### AIM OF THE EXERCISE
Go to the line containing "this 1920×1080 image." and retype it and every later line exactly as written, up to the last line of the entries. Keep pictures out.

[Opening EXTRACTED MATERIAL section]

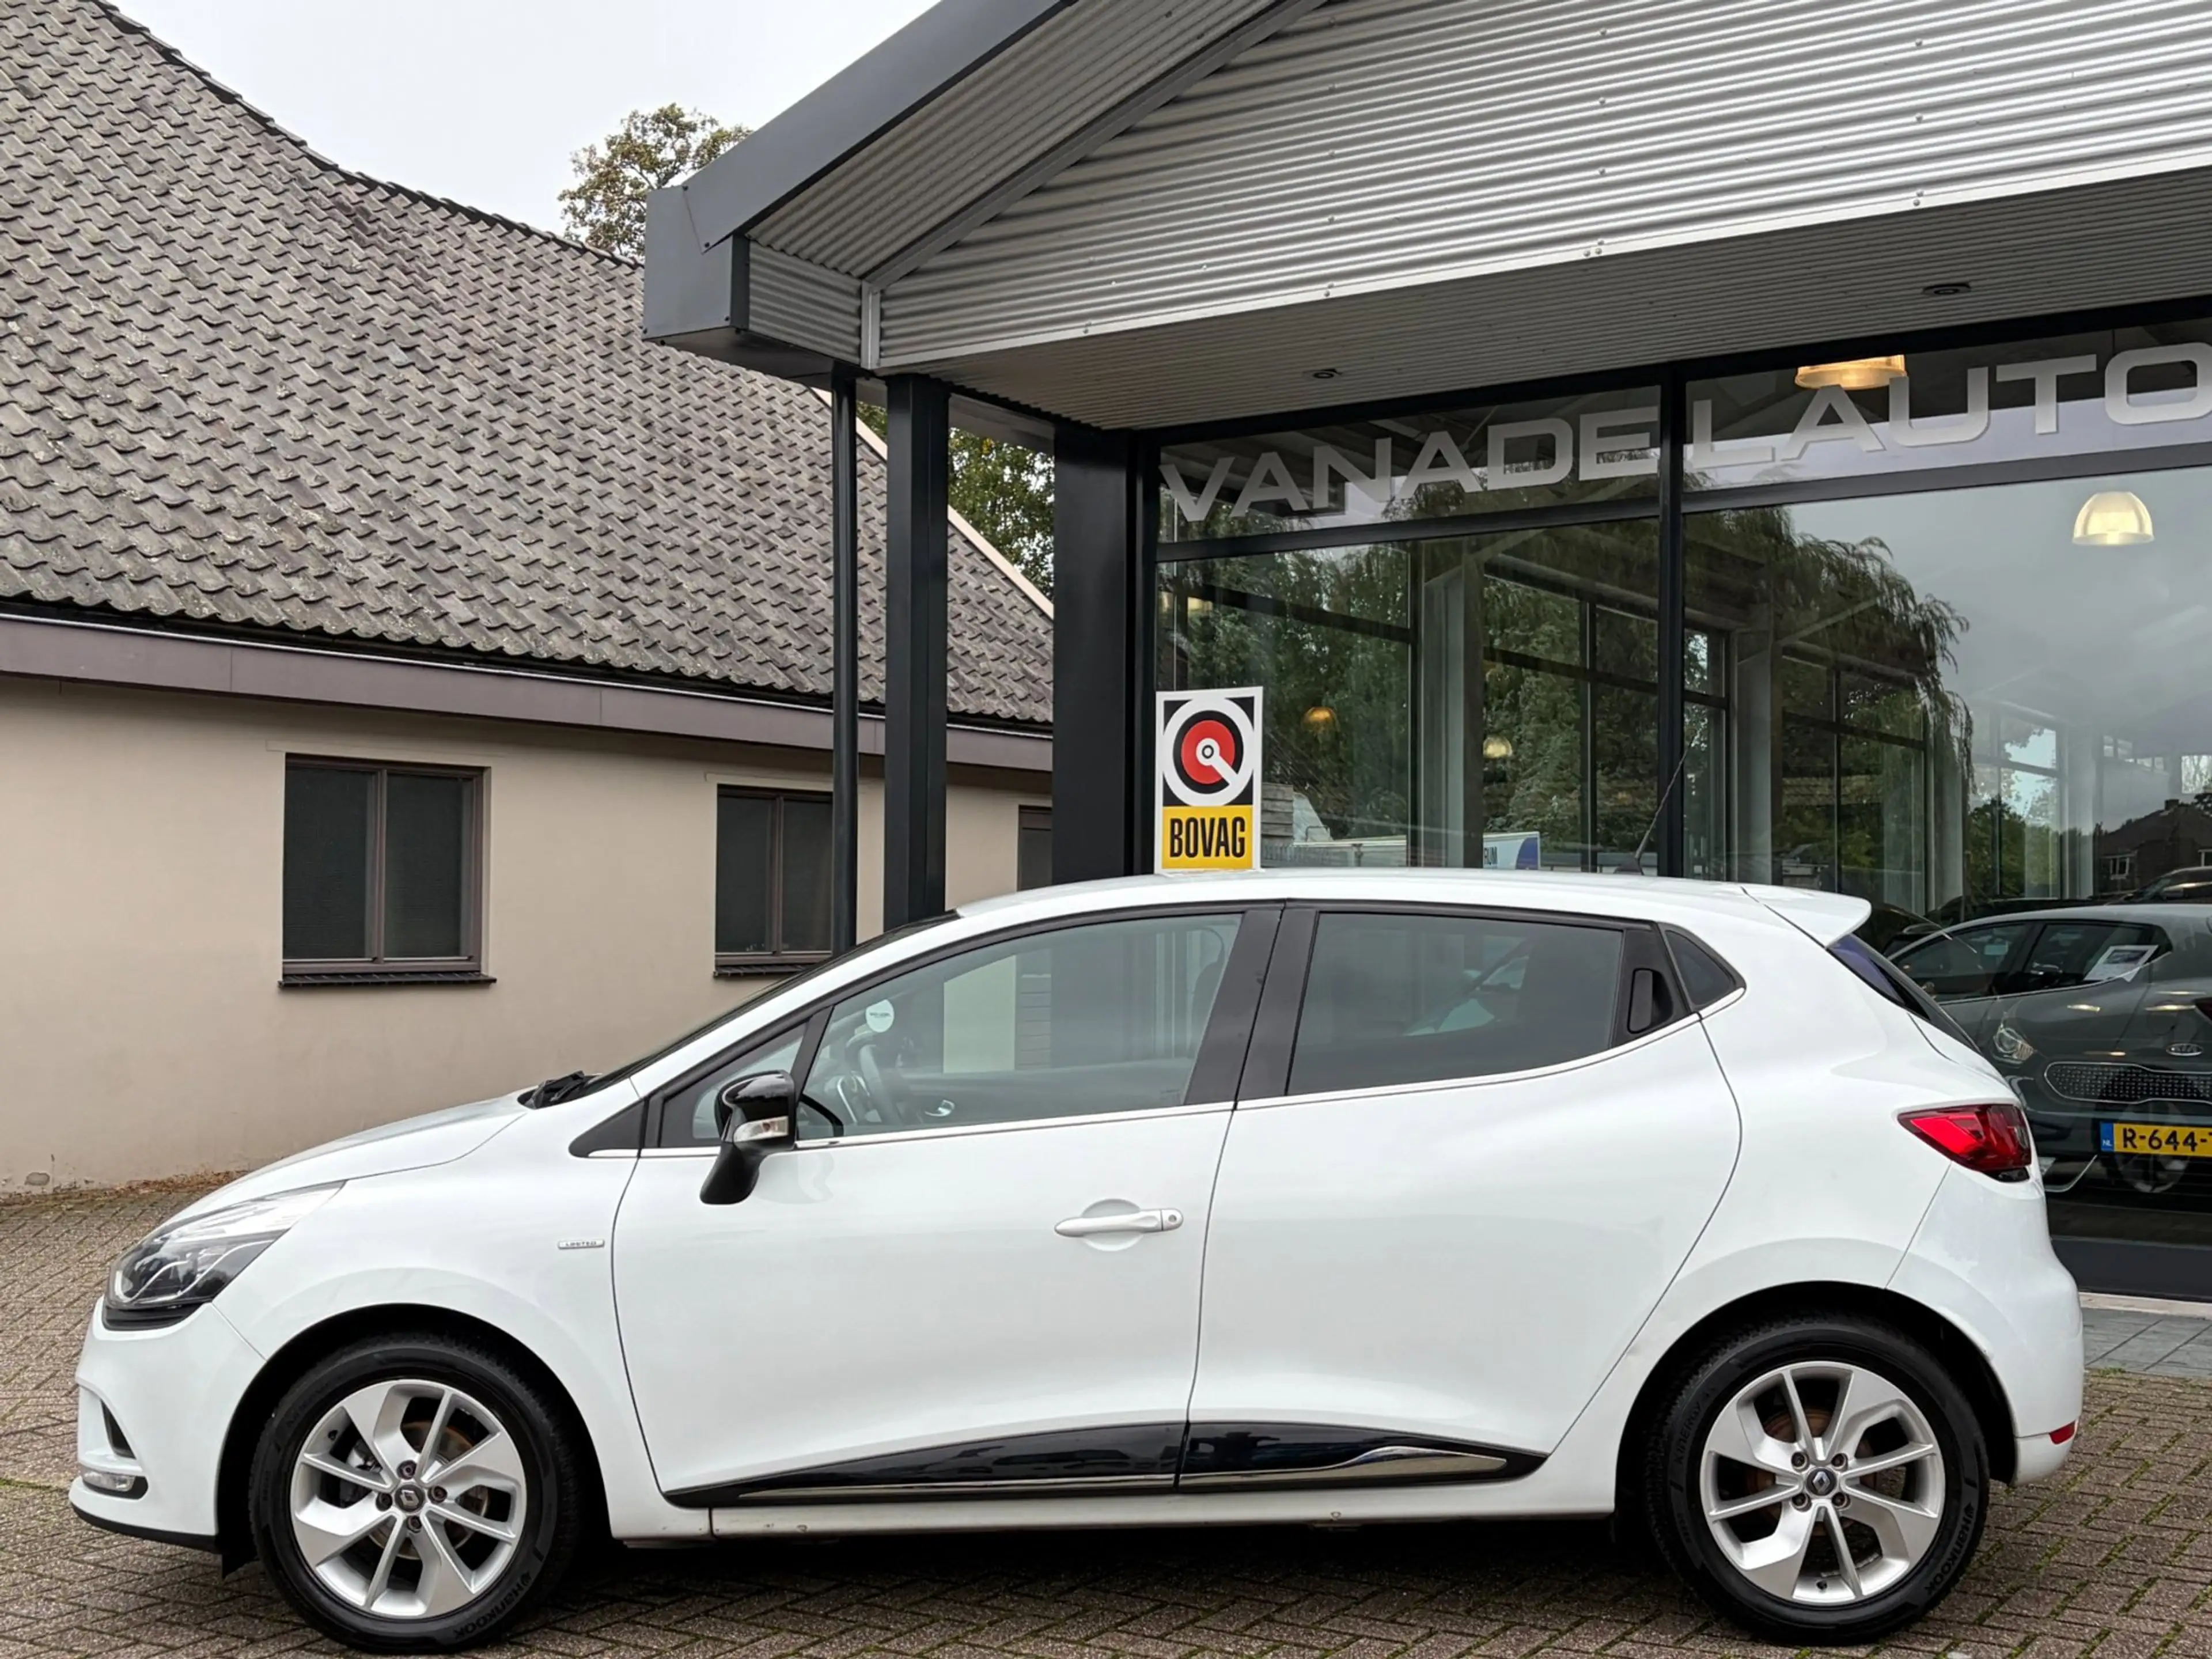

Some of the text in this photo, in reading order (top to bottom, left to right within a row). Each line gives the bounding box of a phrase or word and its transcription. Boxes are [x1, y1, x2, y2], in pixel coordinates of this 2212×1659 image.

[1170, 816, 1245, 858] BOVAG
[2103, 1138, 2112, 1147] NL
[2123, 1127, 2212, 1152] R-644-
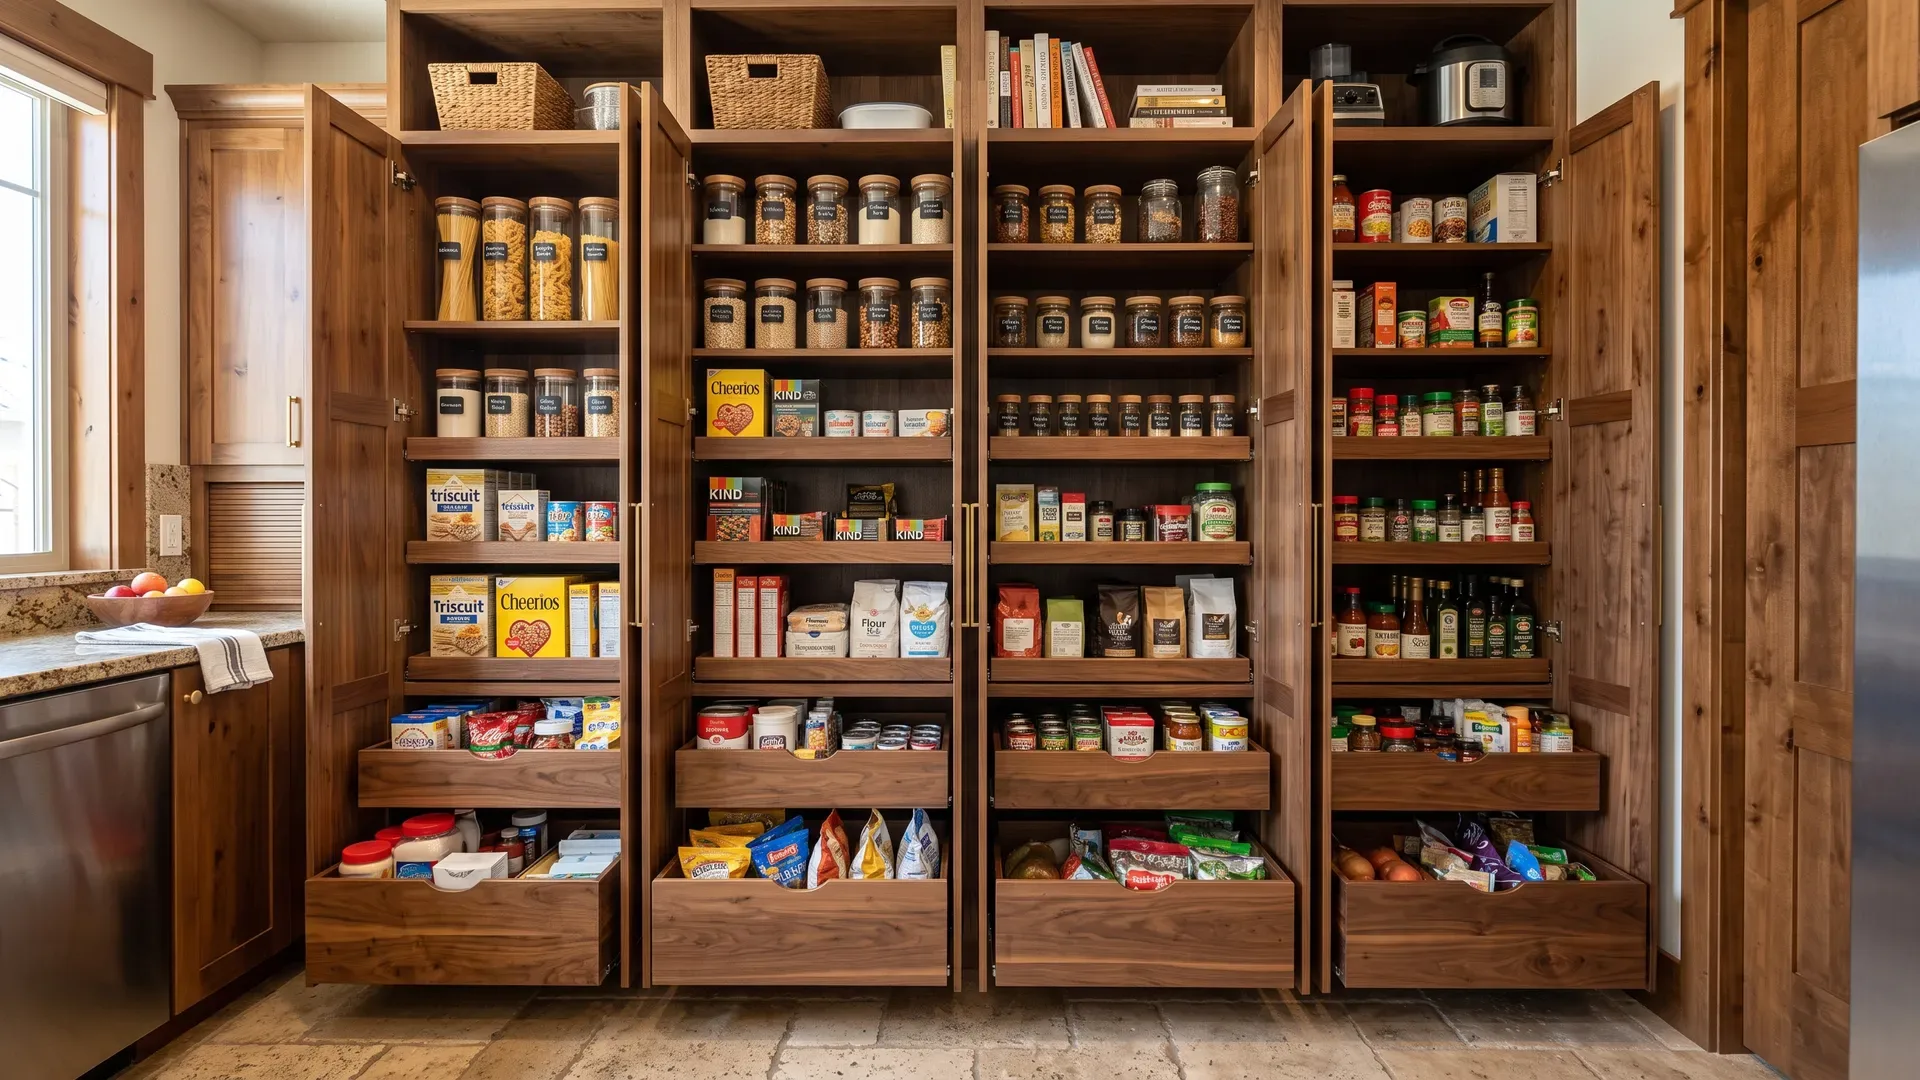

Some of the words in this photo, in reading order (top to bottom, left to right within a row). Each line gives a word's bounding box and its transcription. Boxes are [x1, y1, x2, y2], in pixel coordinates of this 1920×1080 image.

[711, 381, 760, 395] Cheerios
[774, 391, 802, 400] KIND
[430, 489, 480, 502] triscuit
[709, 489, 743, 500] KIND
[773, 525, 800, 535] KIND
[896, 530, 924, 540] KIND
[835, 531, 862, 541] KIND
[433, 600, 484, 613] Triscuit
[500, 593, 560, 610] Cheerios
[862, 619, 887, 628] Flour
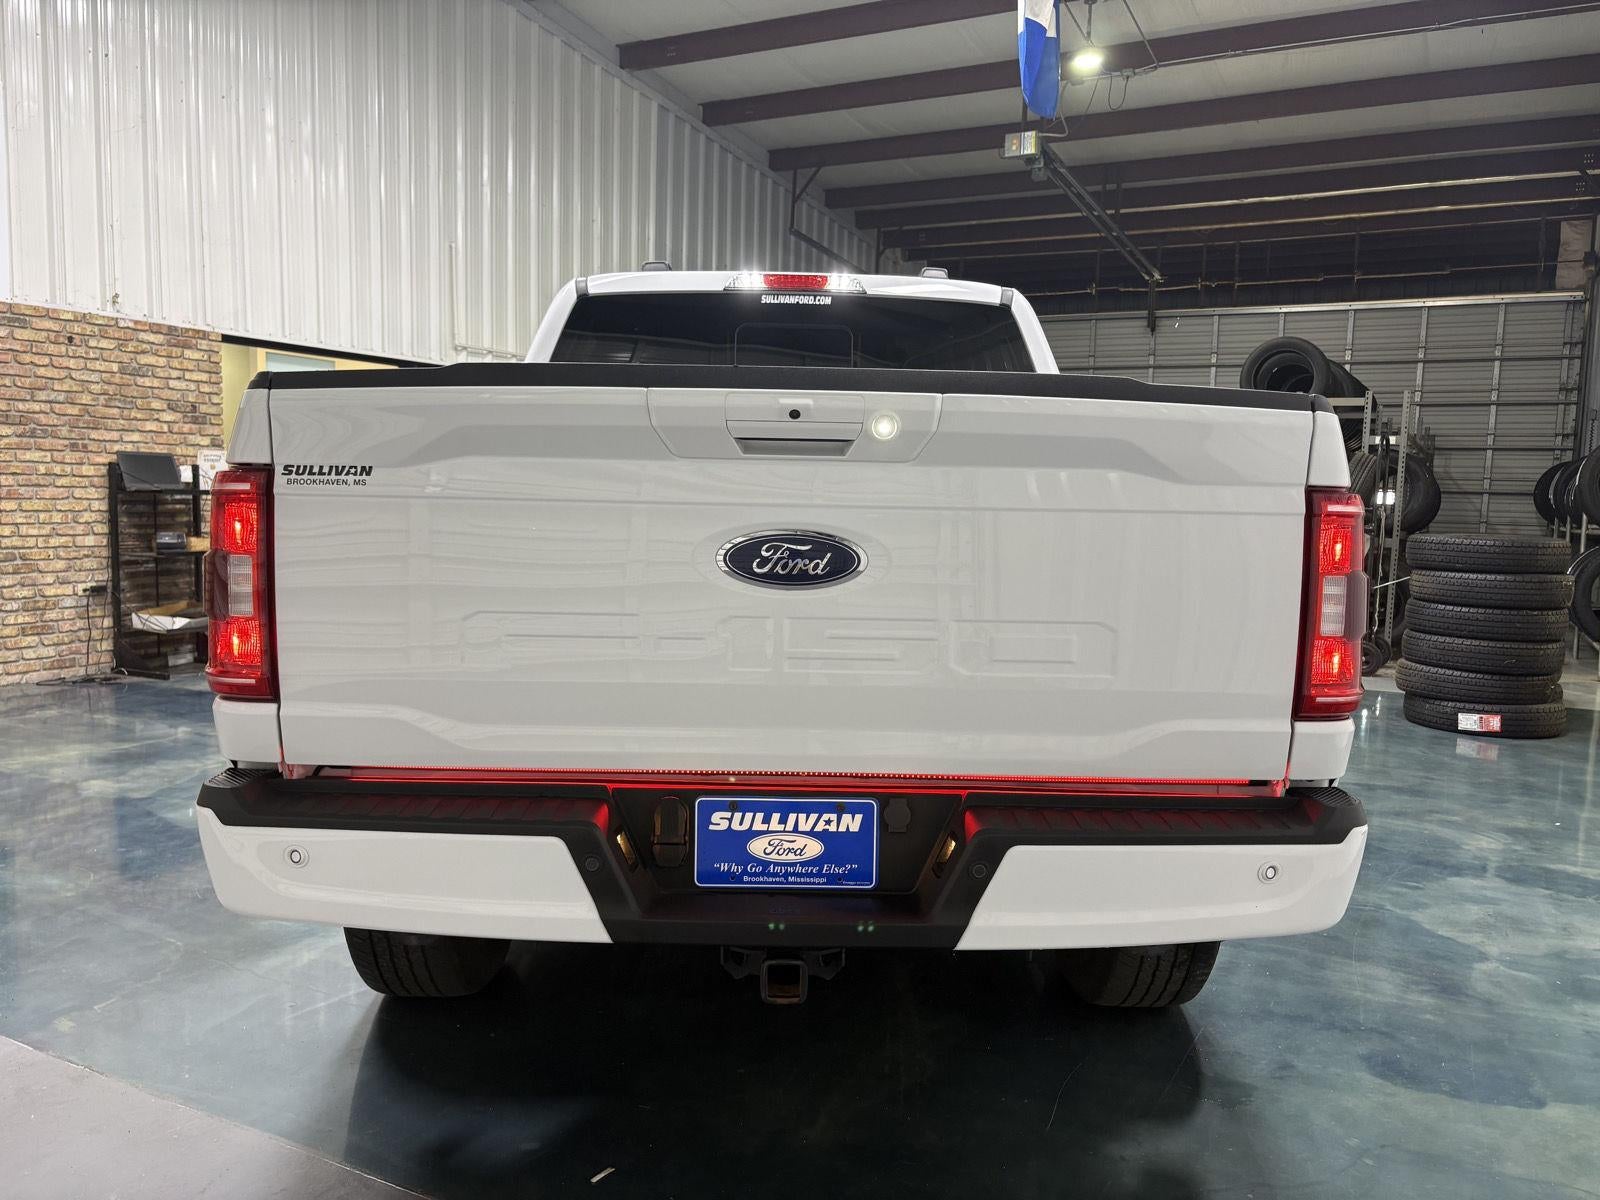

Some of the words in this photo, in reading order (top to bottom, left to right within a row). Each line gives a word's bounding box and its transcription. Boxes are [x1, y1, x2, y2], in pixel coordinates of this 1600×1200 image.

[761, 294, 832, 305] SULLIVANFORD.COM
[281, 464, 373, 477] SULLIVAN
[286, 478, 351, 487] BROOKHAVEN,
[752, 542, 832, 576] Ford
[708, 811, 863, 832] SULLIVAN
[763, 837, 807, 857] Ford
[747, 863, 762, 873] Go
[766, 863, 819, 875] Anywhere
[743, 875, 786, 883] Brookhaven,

[Closing EXTRACTED MATERIAL section]

### THE COMPLETED TASK
Some of the words in this photo, in reading order (top to bottom, left to right within a row). Each line gives a word's bounding box and its transcription. Boxes are [x1, y1, x2, y2], in pixel coordinates of this 1920×1080 image.

[711, 381, 760, 395] Cheerios
[774, 391, 802, 400] KIND
[430, 489, 480, 502] triscuit
[709, 489, 743, 500] KIND
[773, 525, 800, 535] KIND
[896, 530, 924, 540] KIND
[835, 531, 862, 541] KIND
[433, 600, 484, 613] Triscuit
[500, 593, 560, 610] Cheerios
[862, 619, 887, 628] Flour

Some of the words in this photo, in reading order (top to bottom, left to right within a row). Each line gives a word's bounding box and its transcription. Boxes are [x1, y1, x2, y2], in pixel coordinates of this 1600×1200 image.

[761, 294, 832, 305] SULLIVANFORD.COM
[281, 464, 373, 477] SULLIVAN
[286, 478, 351, 487] BROOKHAVEN,
[752, 542, 832, 576] Ford
[708, 811, 863, 832] SULLIVAN
[763, 837, 807, 857] Ford
[747, 863, 762, 873] Go
[766, 863, 819, 875] Anywhere
[743, 875, 786, 883] Brookhaven,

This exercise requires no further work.